**EXERCISE DETAILS**
Reproduce the entries in full. Exclude all images from the copy.
##### DATASET CONTENT
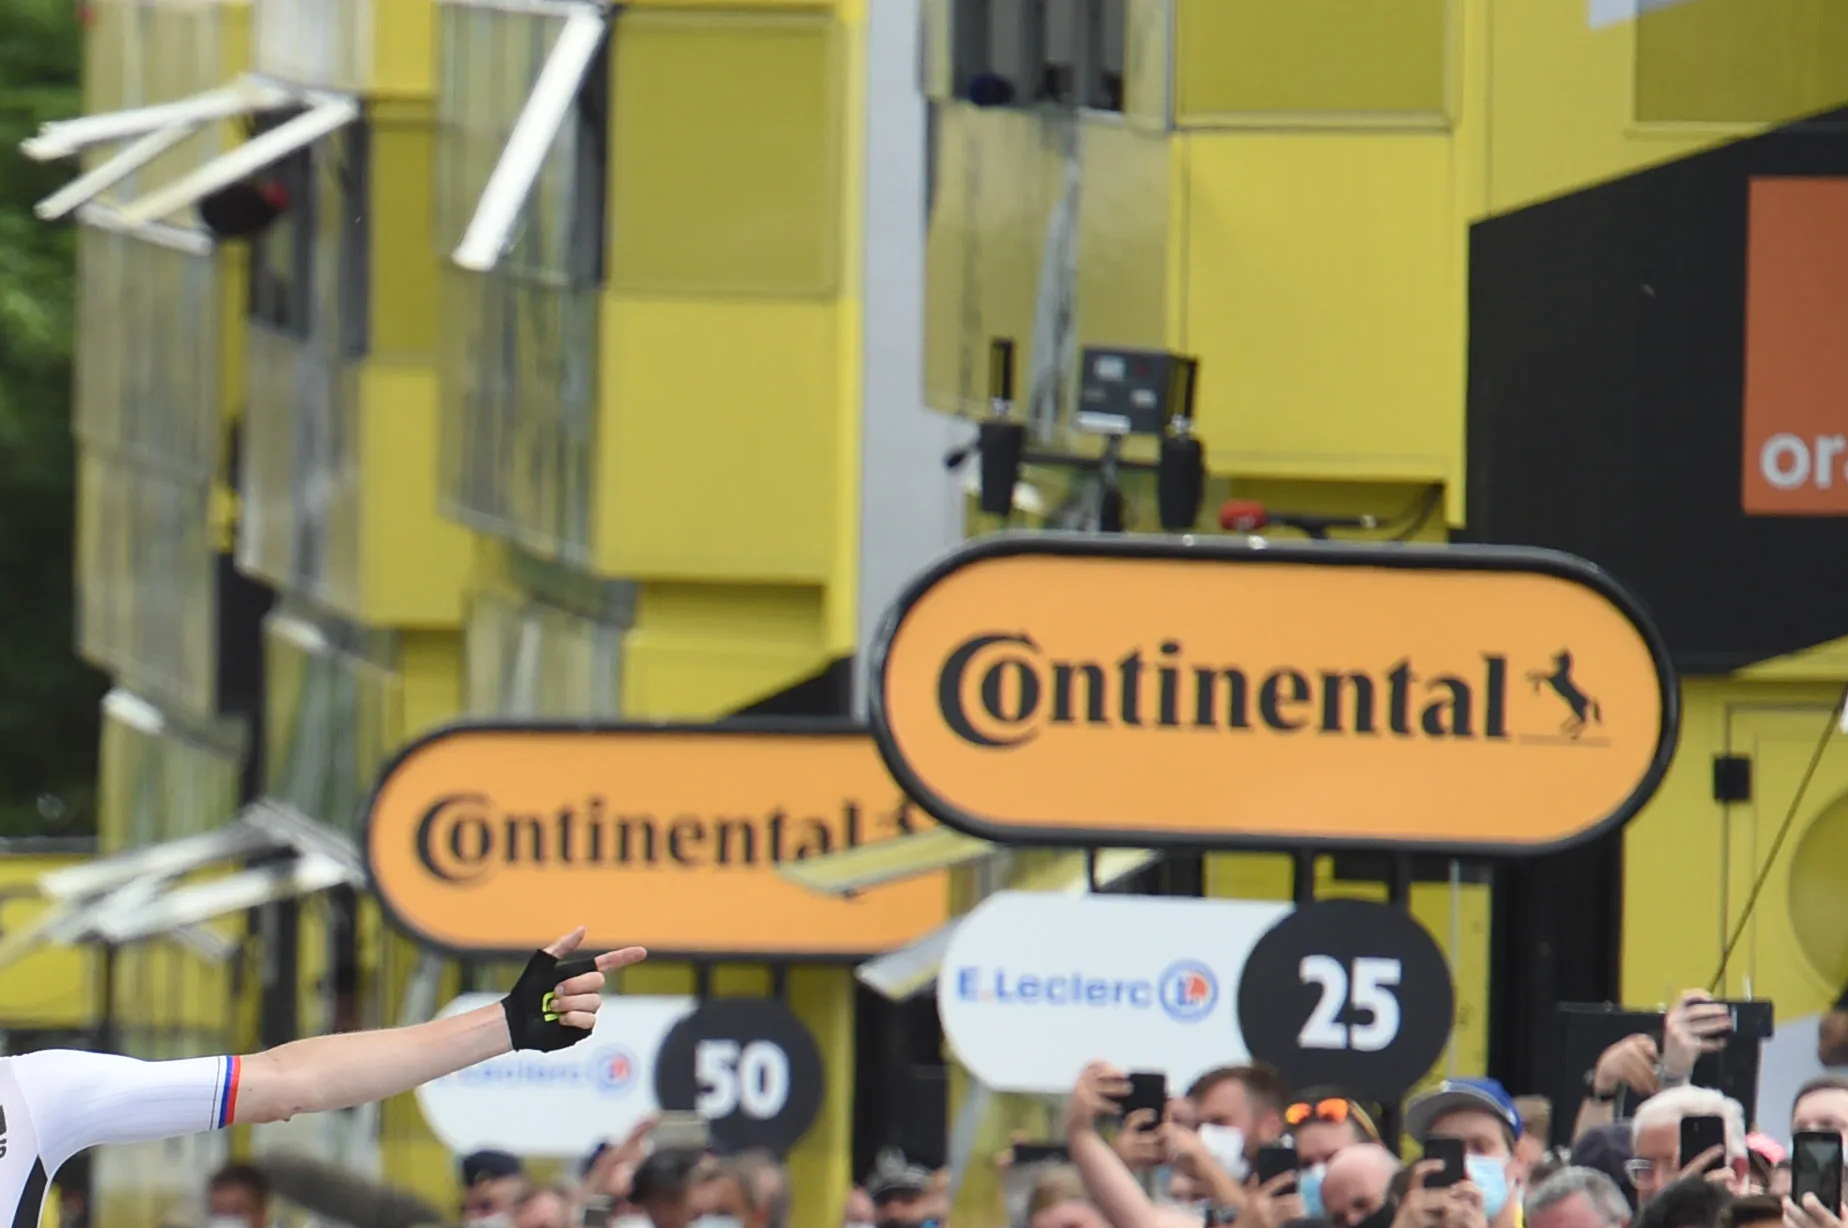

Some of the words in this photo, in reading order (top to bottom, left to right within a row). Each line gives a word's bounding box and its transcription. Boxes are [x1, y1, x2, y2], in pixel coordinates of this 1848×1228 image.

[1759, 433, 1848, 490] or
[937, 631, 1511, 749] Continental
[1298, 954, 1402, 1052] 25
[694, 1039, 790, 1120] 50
##########
**OUTPUT**
Some of the words in this photo, in reading order (top to bottom, left to right within a row). Each line gives a word's bounding box and its transcription. Boxes are [x1, y1, x2, y2], in pixel coordinates of this 1848×1228 image.

[1759, 433, 1848, 490] or
[937, 631, 1511, 749] Continental
[1298, 954, 1402, 1052] 25
[694, 1039, 790, 1120] 50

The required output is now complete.